Is There an Ideal Number of Savings Accounts to Have?

The ideal number of accounts to have varies from person to person based on their savings goals. But financial professionals recommend that people should have at least two savings accounts — one for short-term savings and one for long-term goals.

Short-Term vs. Long-Term Savings
Short-Term Savings Goals
These include anything that you will need money to pay for within the next year or two, such as an emergency fund, vacation, or down payment on a new car or house.
Long-Term Savings Goals
These include savings goals set years into the future such as retirement or your kids’ education fund.

But you can further break these down into separate accounts for each goal — an emergency fund account, a new car account, a Christmas club account and so on.

Examples of Funds You Can Create With Multiple Savings Accounts 

  • Emergency fund
  • Business start-up fund
  • Car down payment fund
  • College fund
  • Furniture fund
  • Home down payment fund
  • Home project fund
  • New baby fund
  • Vacation fund
  • Wedding fund

Some financial professionals also recommend that you have at least two checking accounts — one for bills and one for lifestyle. By creating these separate accounts, you can break up your paycheck into the different categories that meet your personal finance goals.


How to Determine How Many Savings Accounts You Need

While multiple savings accounts can help some people better manage their savings, they can become confusing or overwhelming for others. 

It’s important to consider your financial situation and goals along with whether multiple accounts fit your personal money management style.

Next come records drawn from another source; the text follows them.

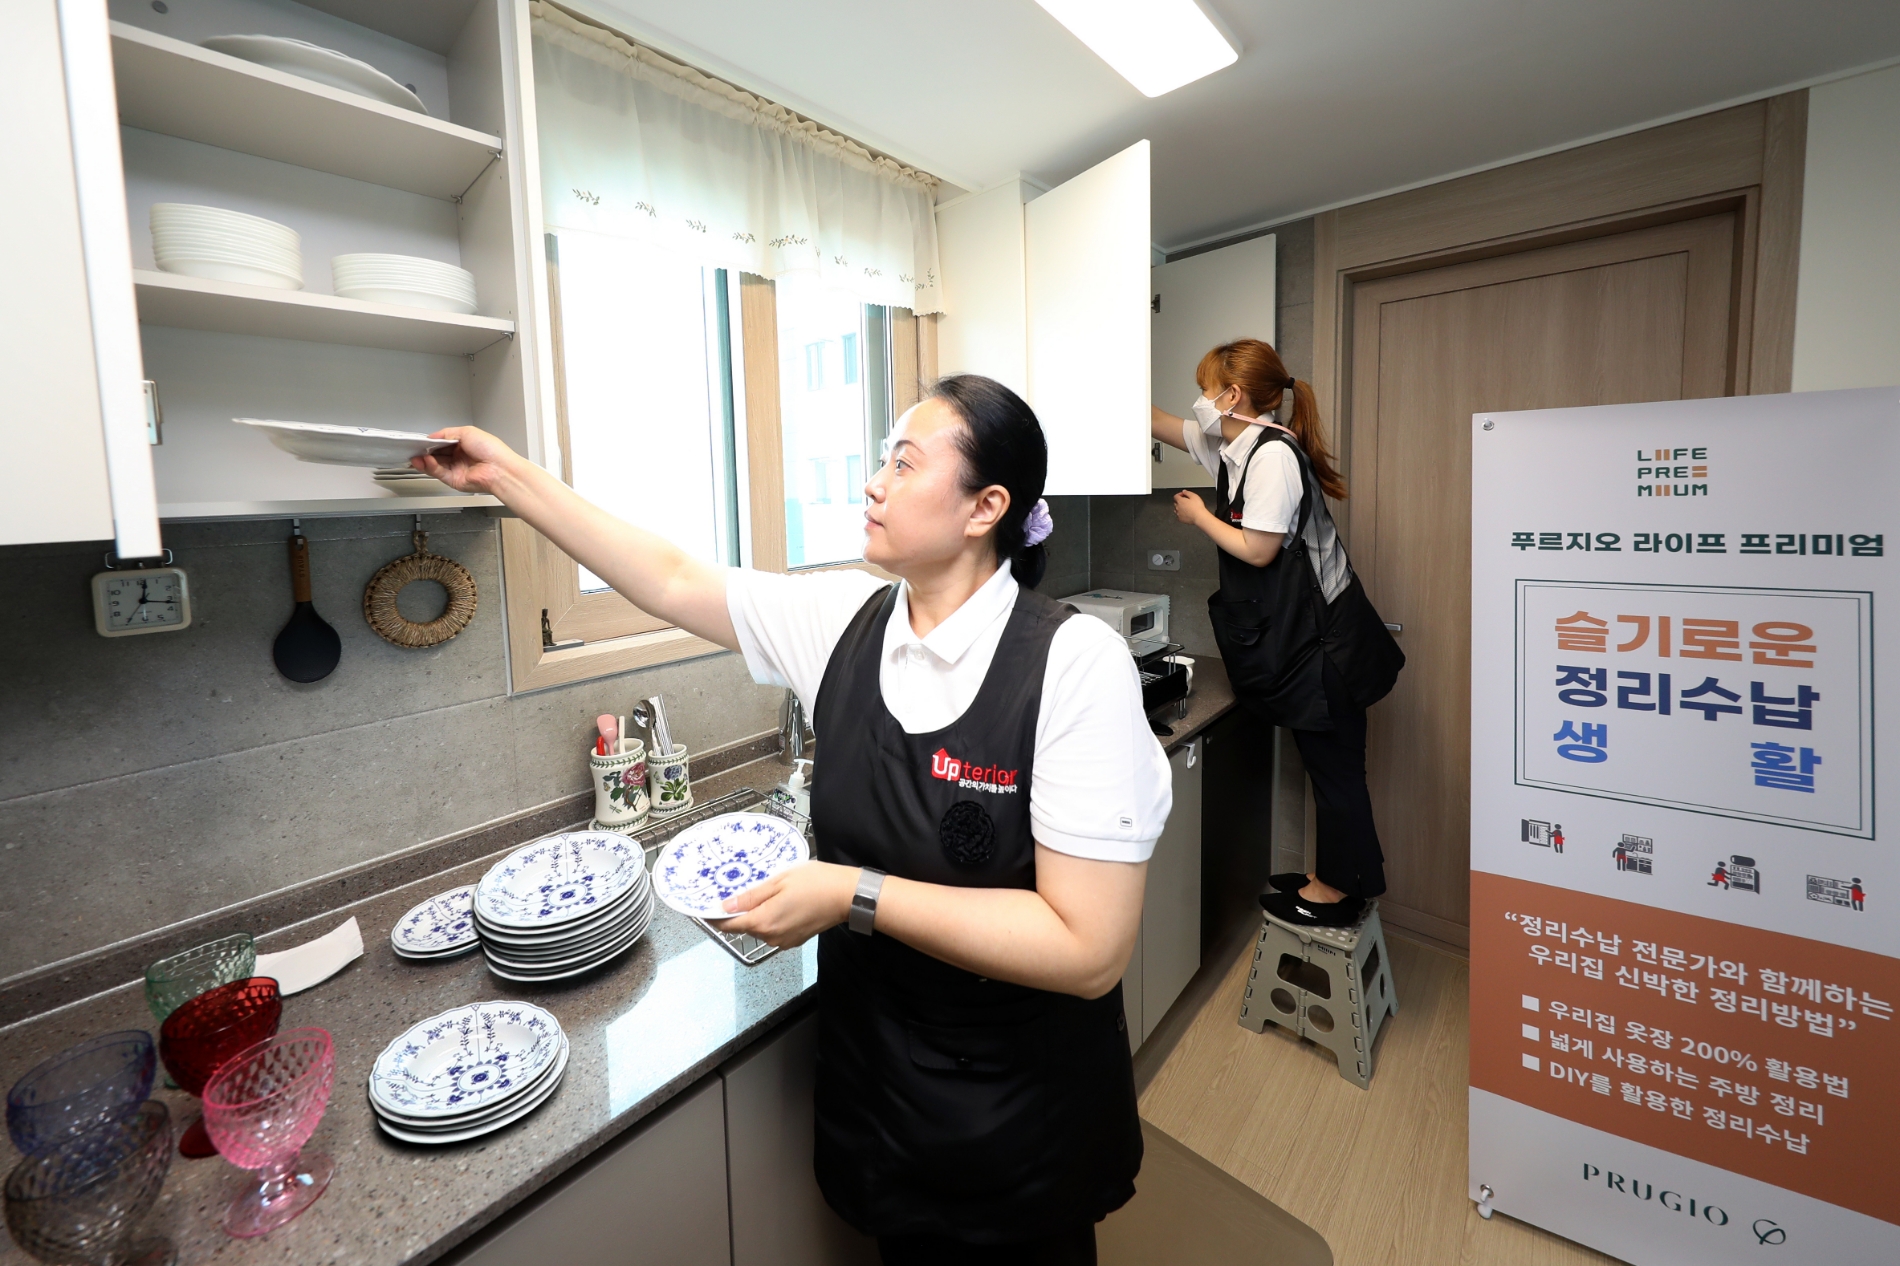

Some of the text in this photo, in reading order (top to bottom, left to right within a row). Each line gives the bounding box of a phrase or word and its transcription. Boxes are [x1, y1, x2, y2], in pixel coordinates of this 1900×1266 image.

[1510, 531, 1884, 557] 푸르지오 라이프 프리미엄
[1554, 610, 1817, 669] 슬기로운
[1555, 664, 1821, 731] 정리수납
[932, 753, 1018, 786] Upterior
[1528, 943, 1604, 981] 우리집
[1615, 964, 1700, 1005] 신박한
[1631, 938, 1749, 987] 전문가와
[1758, 967, 1895, 1022] 함께하는
[1548, 1000, 1849, 1099] 우리집 옷장 200% 활용법
[1549, 1030, 1825, 1126] 넓게 사용하는 주방 정리
[1549, 1060, 1811, 1155] DIY를 활용한 정리수납
[1582, 1162, 1730, 1227] PRUGIO

Factors to Consider When Deciding on the Number of Savings Accounts to Have

When deciding how many savings accounts you need, you should consider your financial goals, income, expenses and how well you can manage multiple accounts.

What To Consider
Financial Goals and Income
Establish the goals of each account, determine how much to deposit each month and balance that against your income.
Monthly Expenses
Make sure that after you make multiple savings deposits each month, you have enough to cover monthly expenses.
Spending Habits
Having multiple accounts with specific goals can help you break spending habits. Smaller balances in multiple accounts may make you less likely to transfer money to your checking account to cover other purchases.
Personal Preferences
Managing multiple savings accounts requires extra work, make sure it fits your personal financial management style.

Benefits and Drawbacks of Having Multiple Savings Accounts

There are several benefits of having multiple savings accounts — but there are drawbacks as well. It’s important to consider all of these when deciding whether to open multiple savings accounts.

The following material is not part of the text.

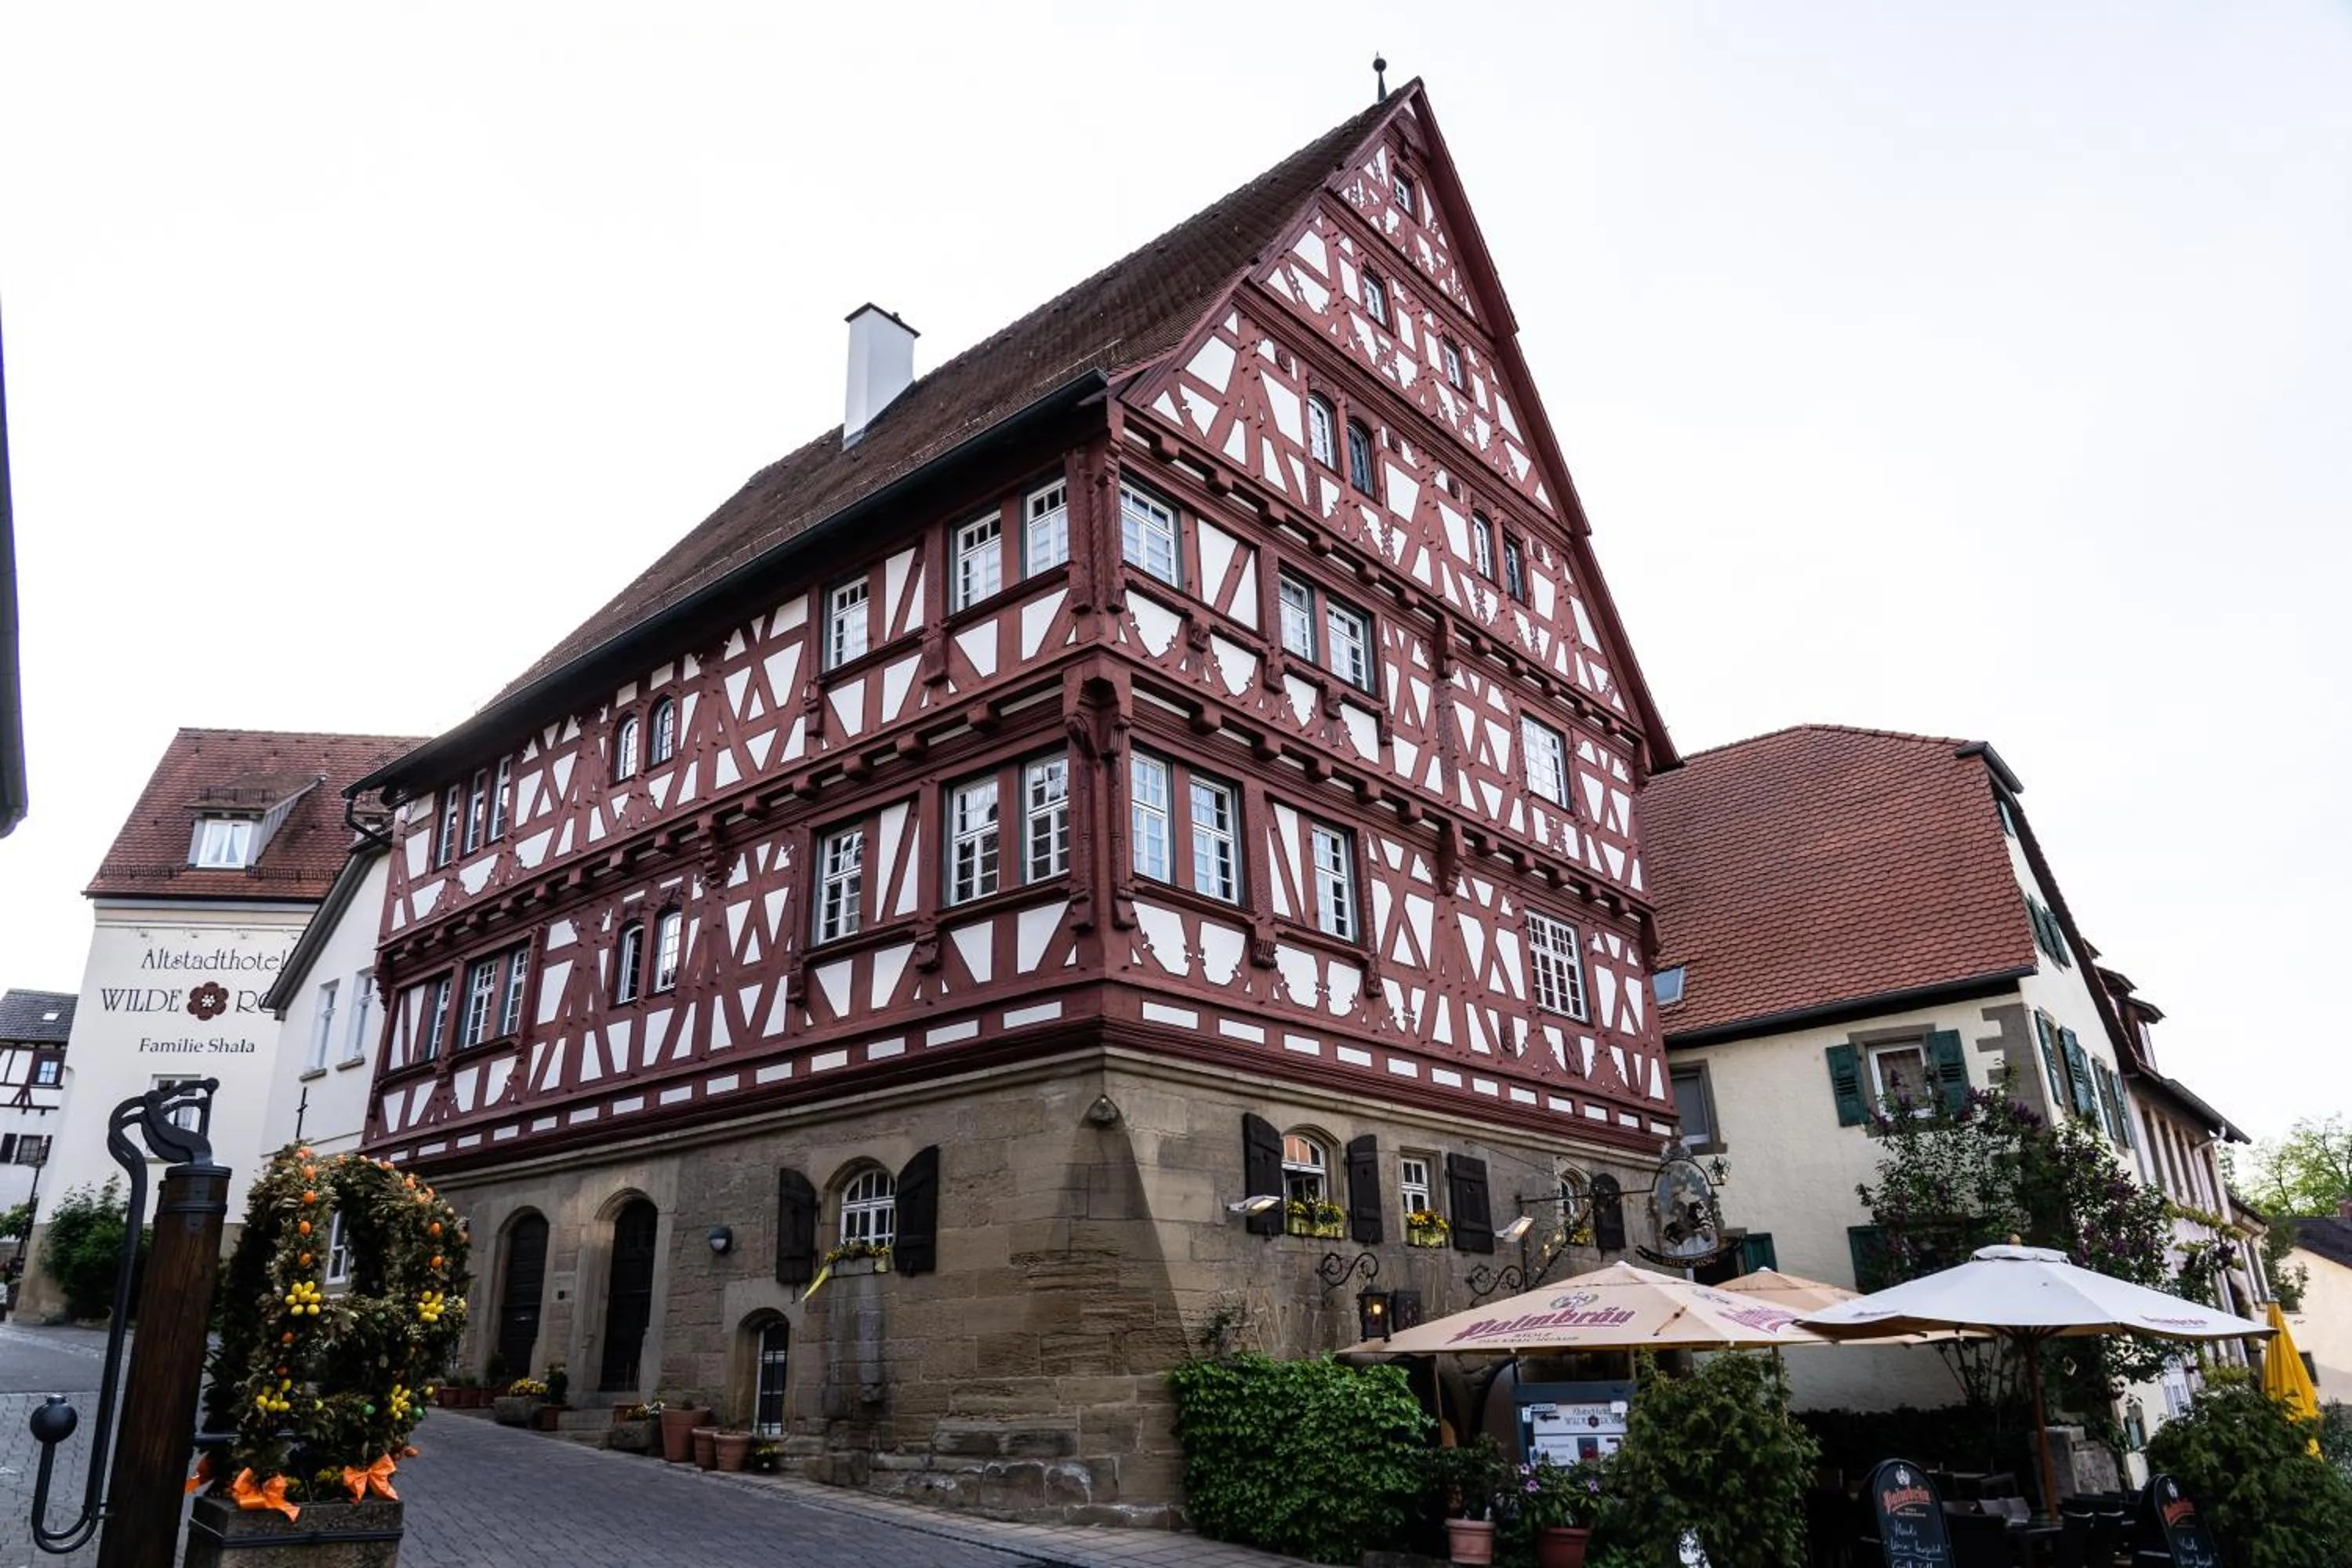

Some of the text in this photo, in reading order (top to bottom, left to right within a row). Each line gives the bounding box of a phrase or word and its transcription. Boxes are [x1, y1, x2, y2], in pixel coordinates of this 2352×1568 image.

“Some banks offer benefits to account holders, such as zero ATM fees or discounts on mortgage rates offered through the bank’s lending department,” Josh Dudick, a portfolio manager and CEO of wealth and investment site Top Dollar, told Annuity.org. “It makes sense to have multiple savings accounts if these perks add significant value.”

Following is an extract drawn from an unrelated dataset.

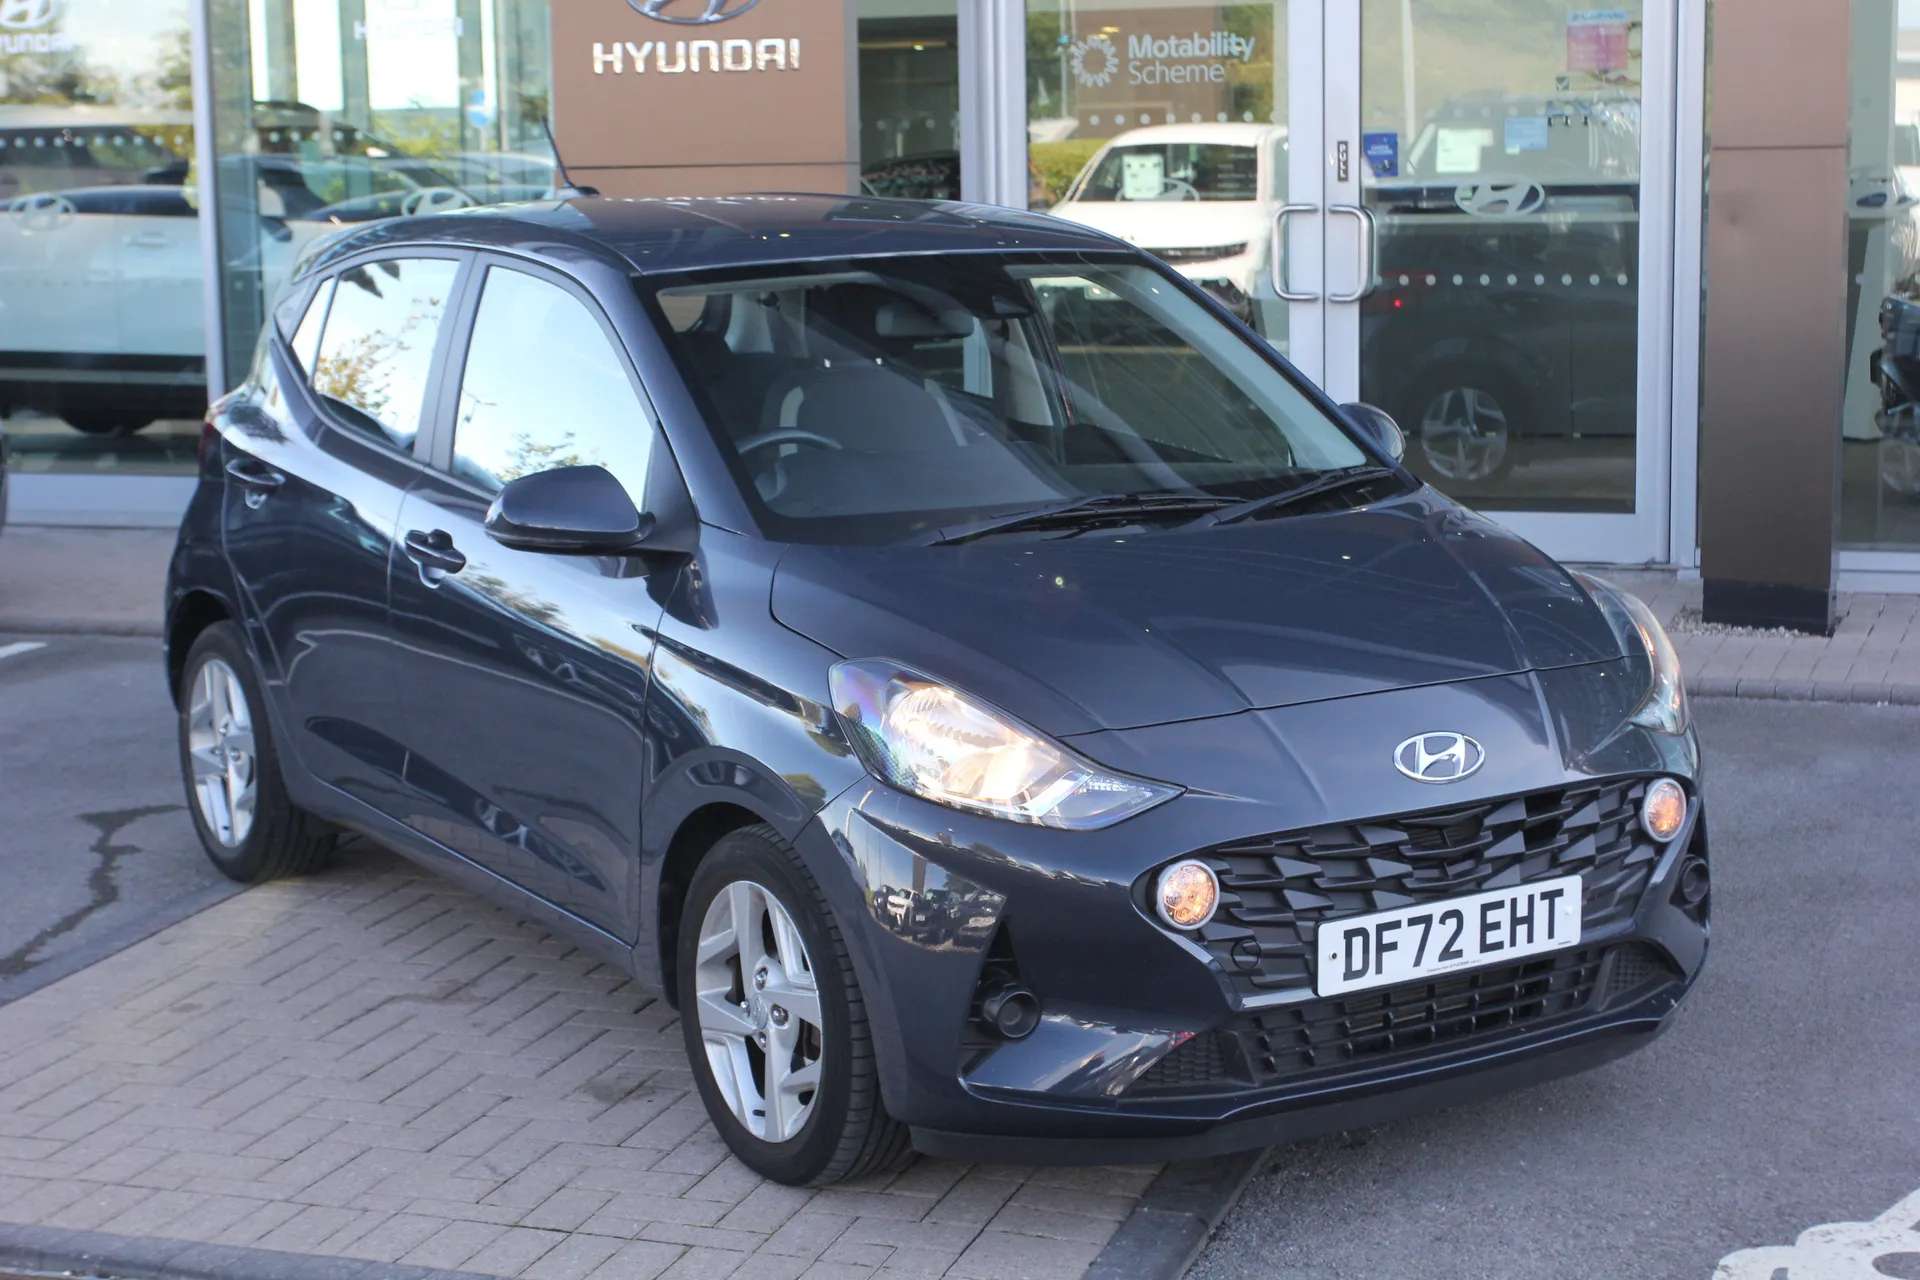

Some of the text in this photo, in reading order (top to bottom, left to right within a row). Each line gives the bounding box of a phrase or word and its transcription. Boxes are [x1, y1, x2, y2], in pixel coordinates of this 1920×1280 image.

Pros & Cons of Multiple Savings Accounts


  • It is easier to track progress toward each goal than if all your money is in one account.
  • Gives you greater flexibility in managing your money by increasing or decreasing the amount you set aside for a particular goal.
  • Lets you keep your emergency fund separate from other savings.
  • You can reach your goal sooner by prioritizing one account over another.


  • Tracking can get complicated with multiple statements.
  • Managing multiple accounts may distract you from your actual financial goals.
  • You may lose out on higher interest rates by having multiple accounts with lower balances.
  • You may have to pay fees for low balances.

Multiple savings accounts can limit your spending and allow you to better monitor your progress toward a savings goal. But it will require a lot more work on your part to manage multiple accounts.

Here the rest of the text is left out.